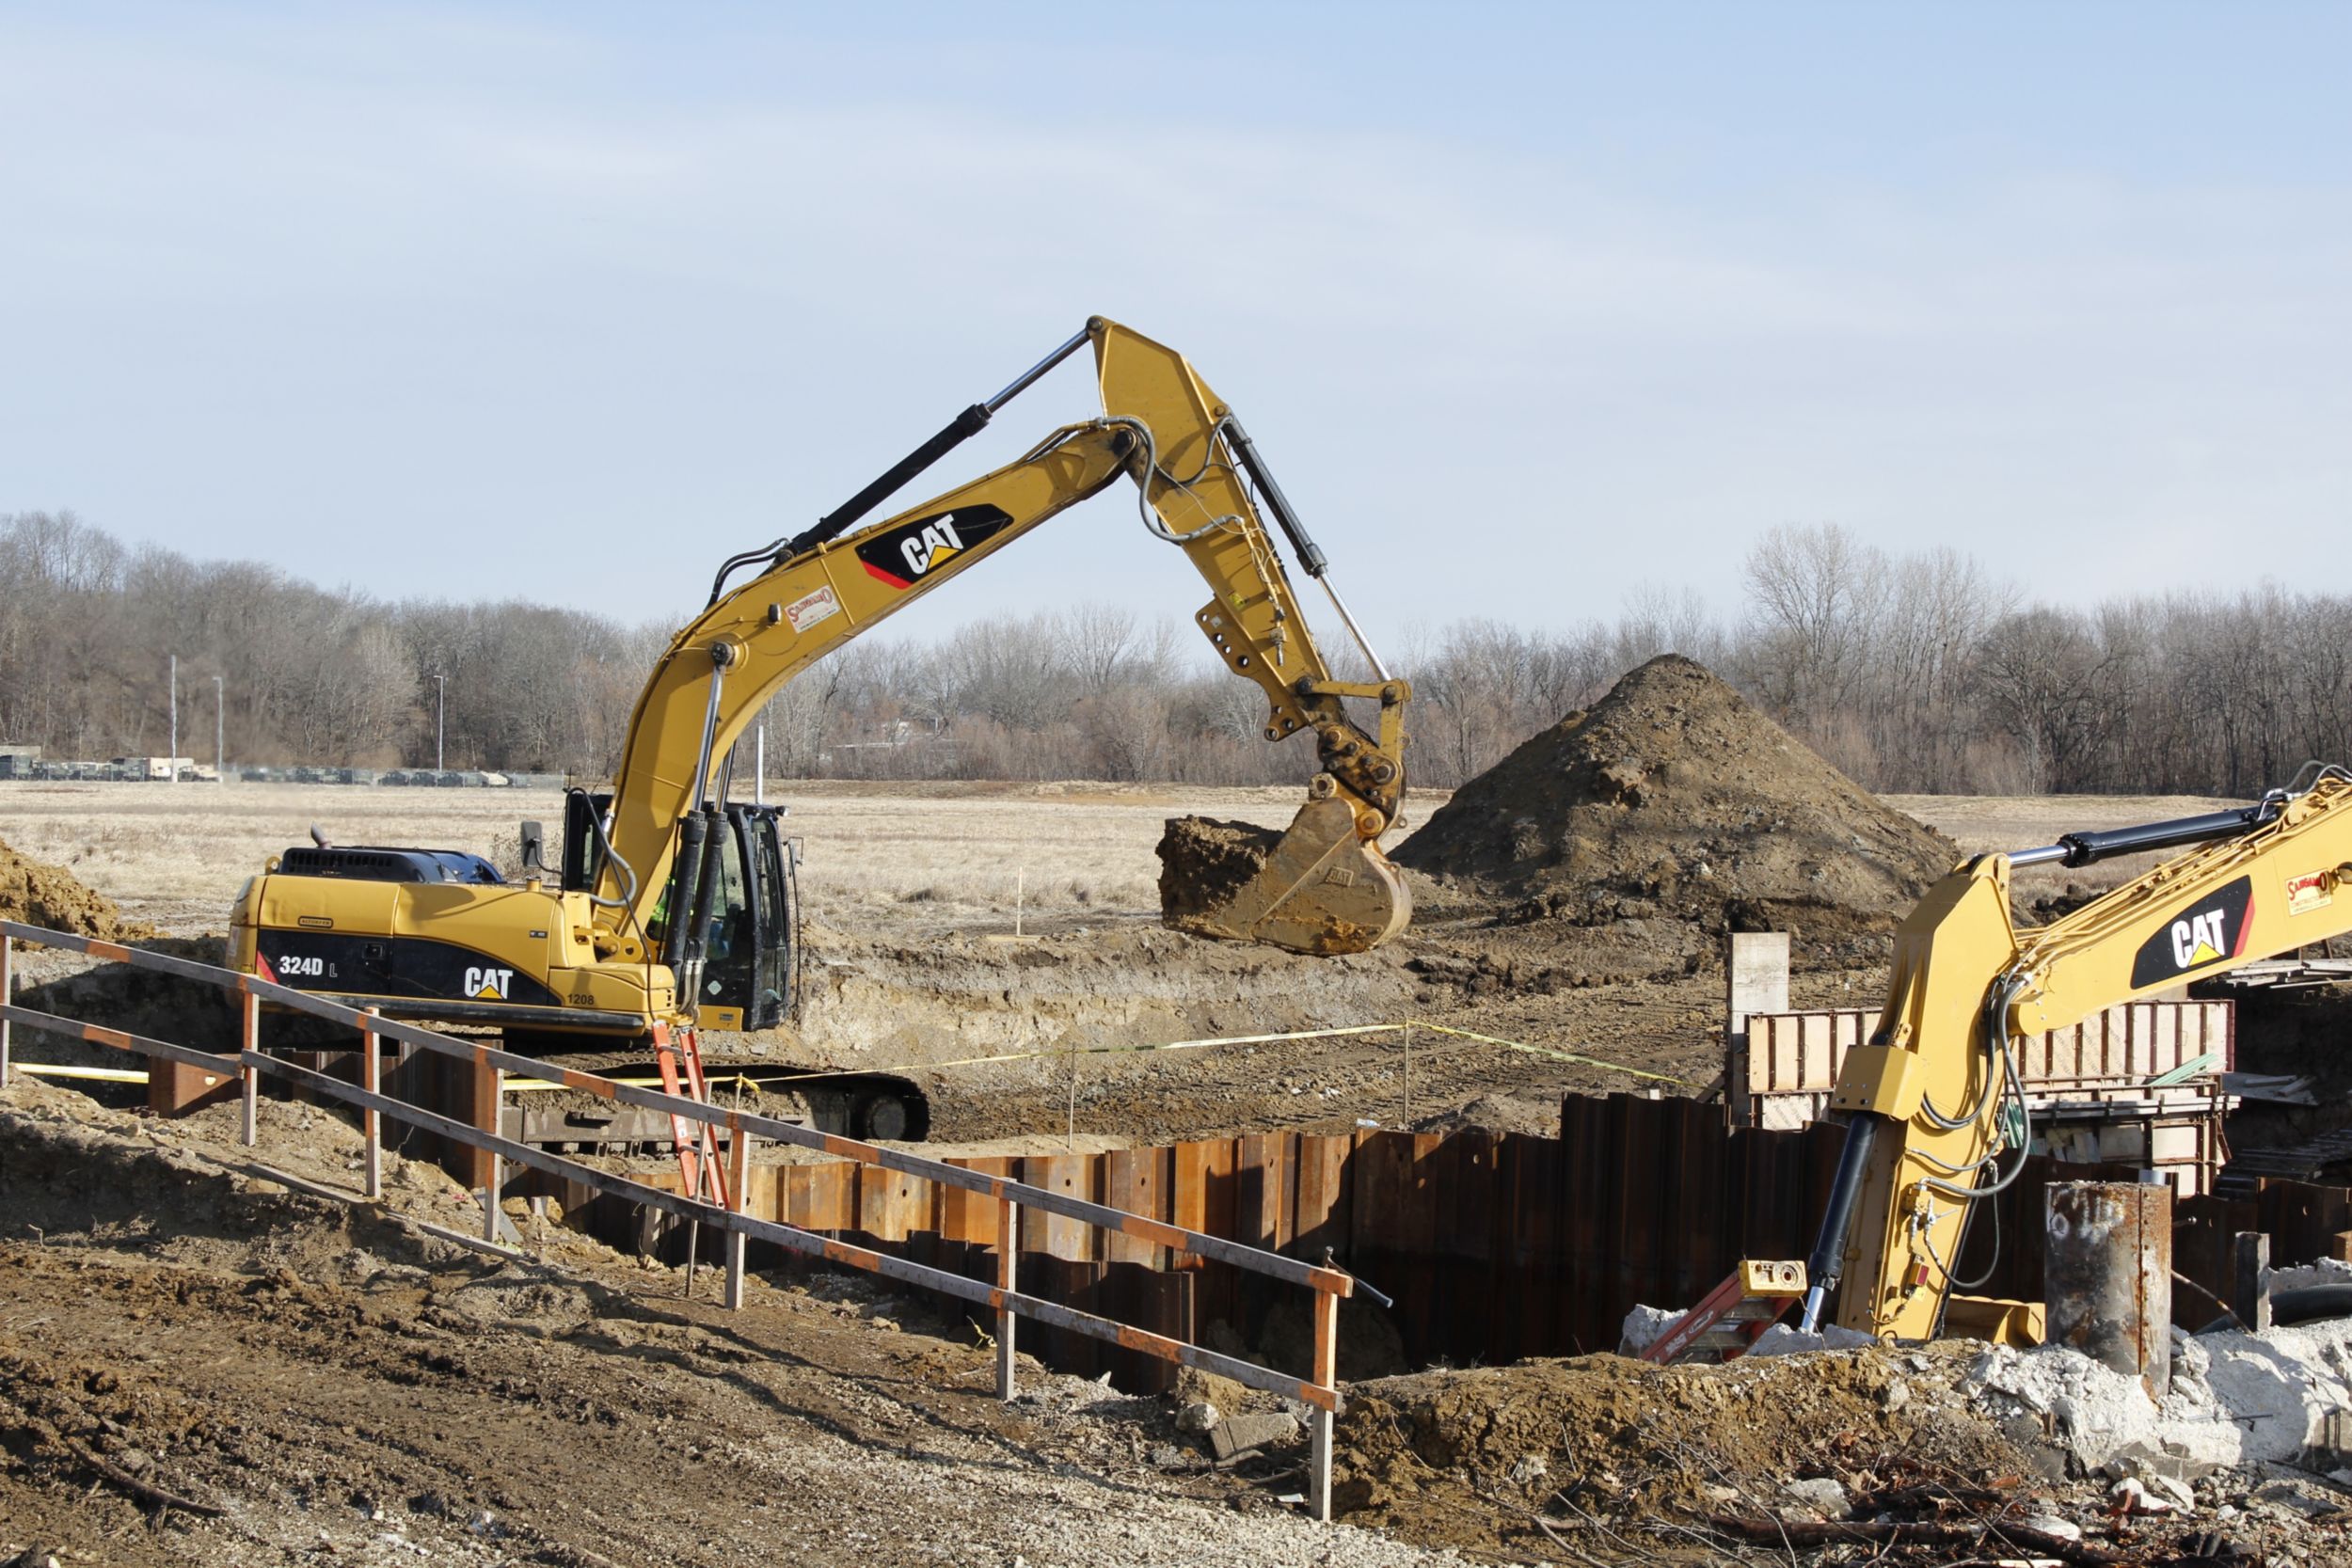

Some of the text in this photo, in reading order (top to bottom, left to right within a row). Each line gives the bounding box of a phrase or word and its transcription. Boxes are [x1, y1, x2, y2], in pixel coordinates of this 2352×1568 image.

[900, 514, 963, 575] CAT
[2171, 909, 2225, 969] CAT
[279, 956, 338, 978] 324D L
[464, 967, 514, 999] CAT
[567, 993, 595, 1005] 1208
•••••
> **To do**:
Where the material above includes pictures, omit them and retype everything else exactly.

> **Solution to the exercise**:
Some of the text in this photo, in reading order (top to bottom, left to right within a row). Each line gives the bounding box of a phrase or word and its transcription. Boxes are [x1, y1, x2, y2], in pixel coordinates of this 2352×1568 image.

[900, 514, 963, 575] CAT
[2171, 909, 2225, 969] CAT
[279, 956, 338, 978] 324D L
[464, 967, 514, 999] CAT
[567, 993, 595, 1005] 1208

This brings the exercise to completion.